- **EXERCISE BRIEF**
Wherever an image appears in the entries, drop it and reproduce everything else exactly.

- **ENTRIES PROVIDED**
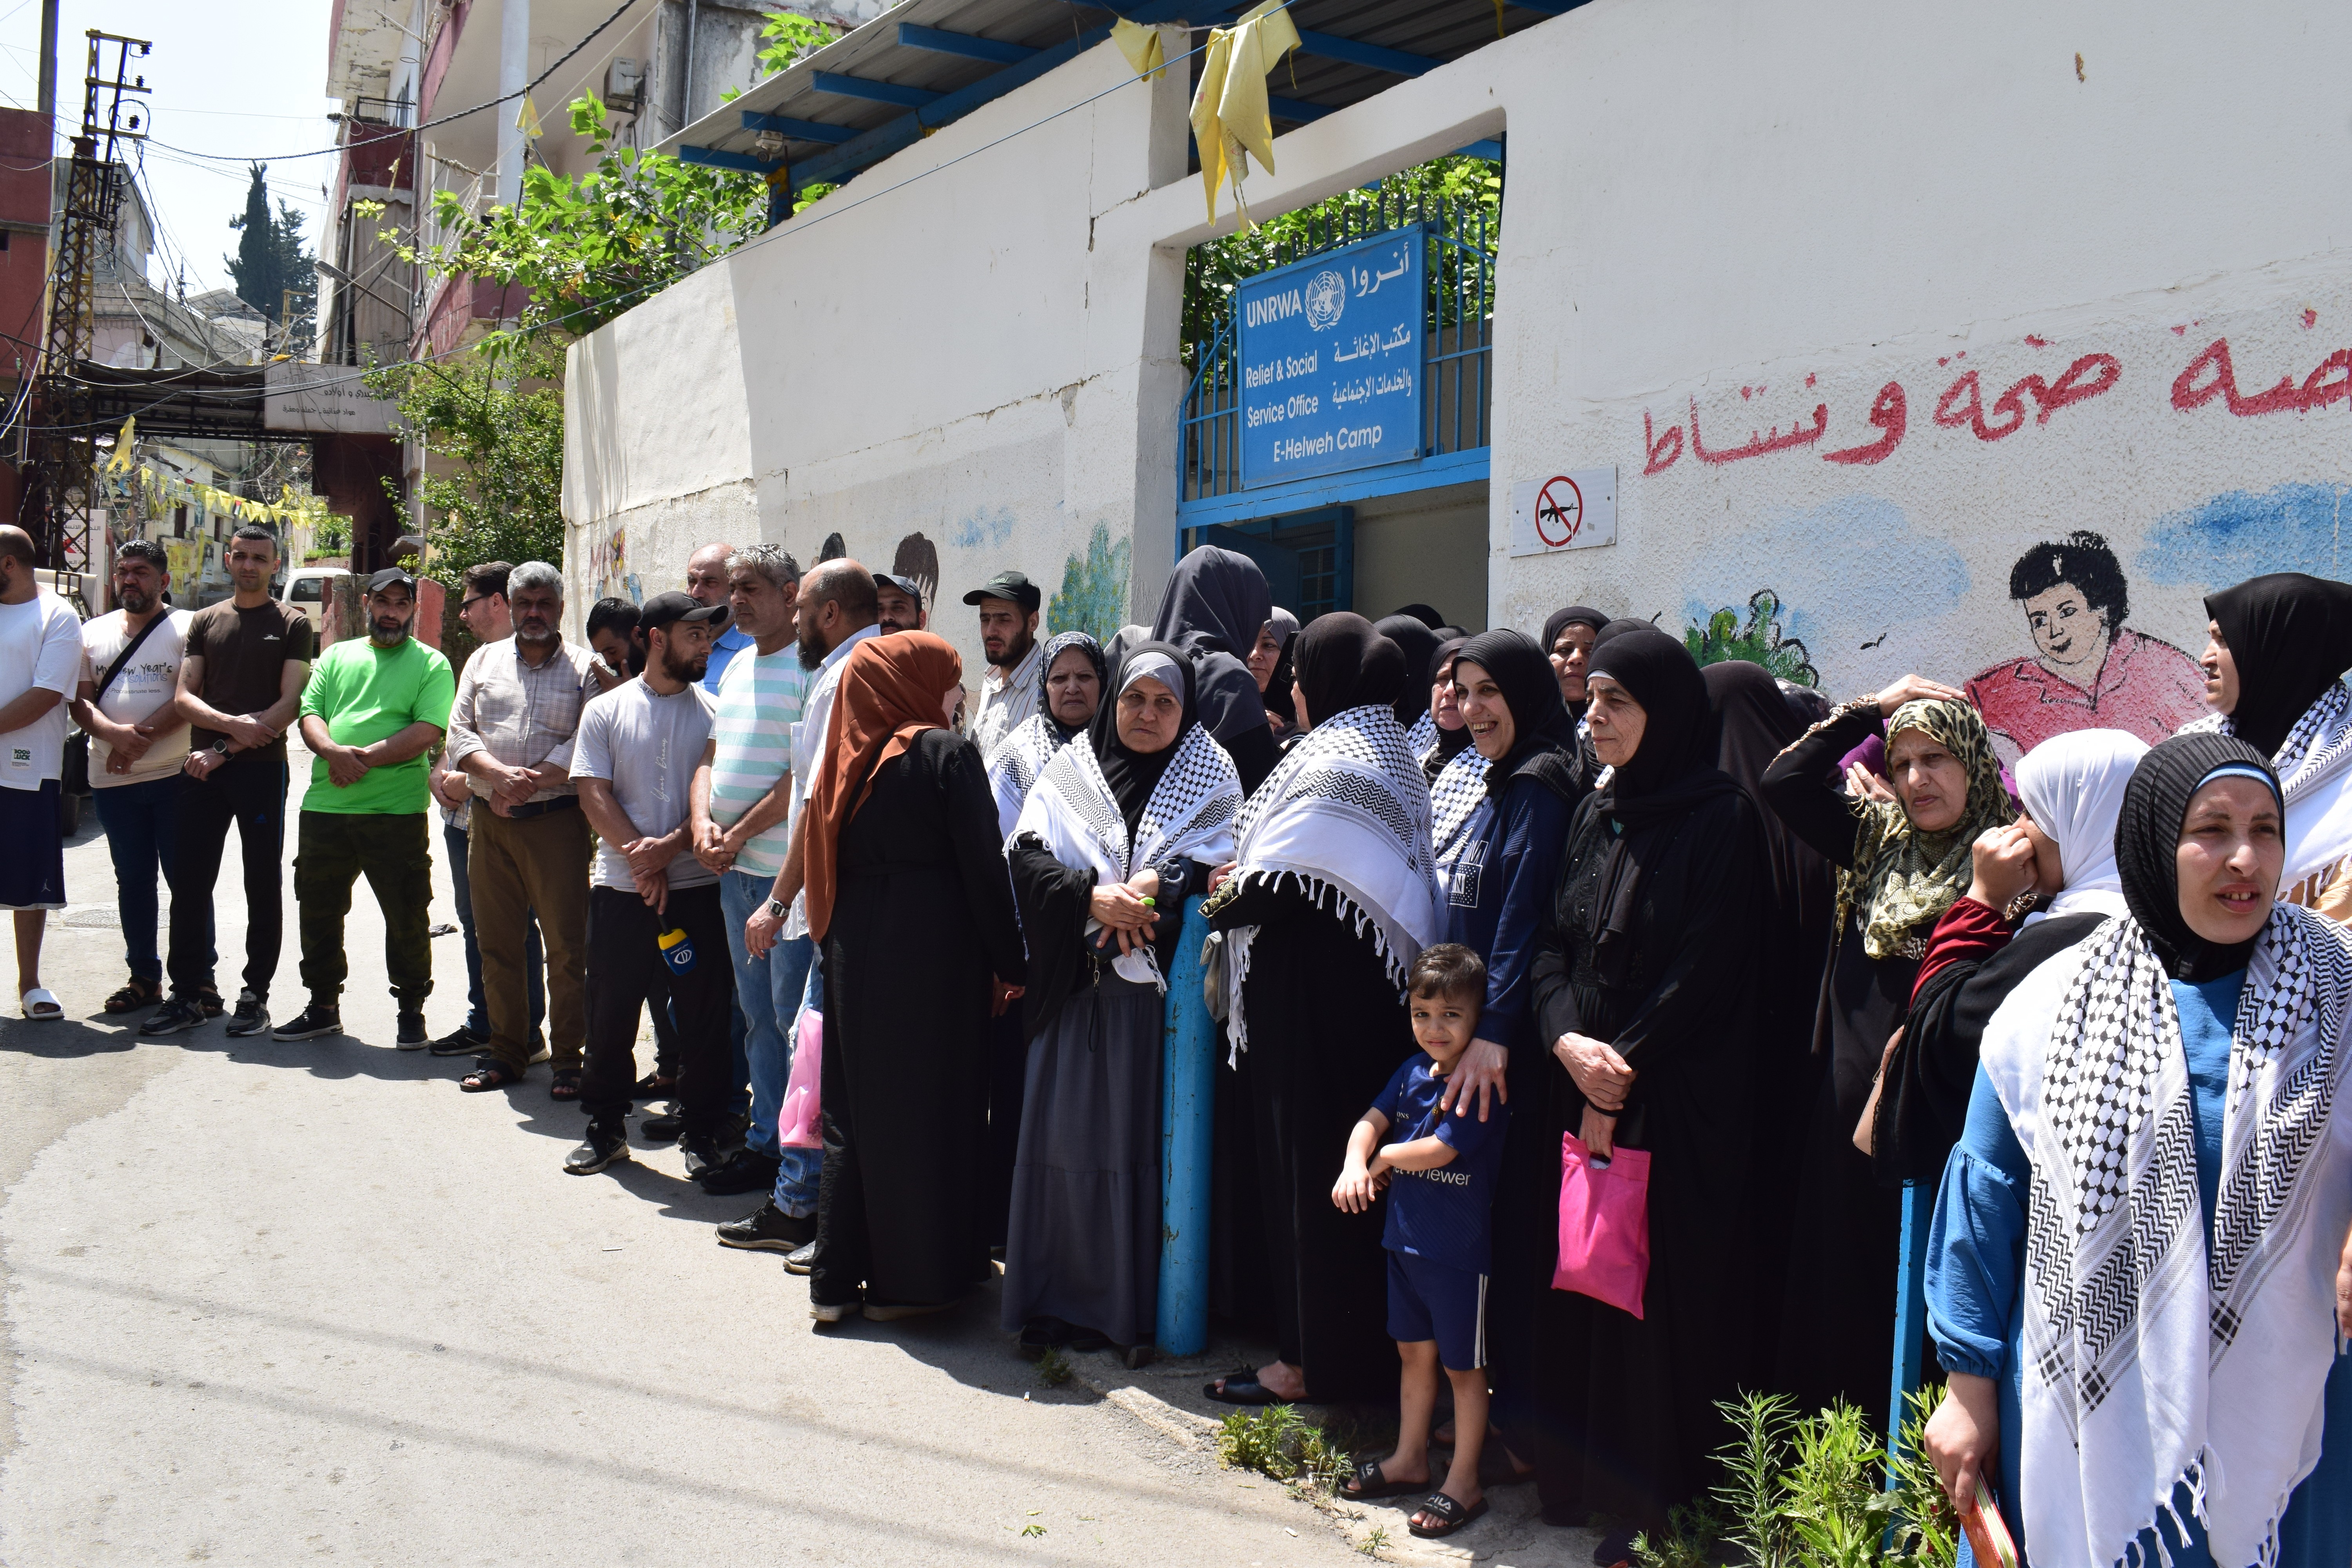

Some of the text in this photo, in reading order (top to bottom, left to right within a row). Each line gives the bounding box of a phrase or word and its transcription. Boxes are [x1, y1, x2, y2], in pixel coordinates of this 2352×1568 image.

[1352, 243, 1408, 296] أنروا
[1247, 289, 1302, 328] UNRWA
[1382, 323, 1410, 357] مكتب
[1246, 350, 1317, 388] Relief & Social
[1376, 367, 1411, 397] والخدمات
[1248, 394, 1318, 428] Service Office
[1274, 425, 1382, 462] E-Helweh Camp
[121, 666, 136, 675] ew
[140, 662, 172, 674] Year's

- **EXERCISE OUTPUT**
Some of the text in this photo, in reading order (top to bottom, left to right within a row). Each line gives the bounding box of a phrase or word and its transcription. Boxes are [x1, y1, x2, y2], in pixel coordinates of this 2352×1568 image.

[1352, 243, 1408, 296] أنروا
[1247, 289, 1302, 328] UNRWA
[1382, 323, 1410, 357] مكتب
[1246, 350, 1317, 388] Relief & Social
[1376, 367, 1411, 397] والخدمات
[1248, 394, 1318, 428] Service Office
[1274, 425, 1382, 462] E-Helweh Camp
[121, 666, 136, 675] ew
[140, 662, 172, 674] Year's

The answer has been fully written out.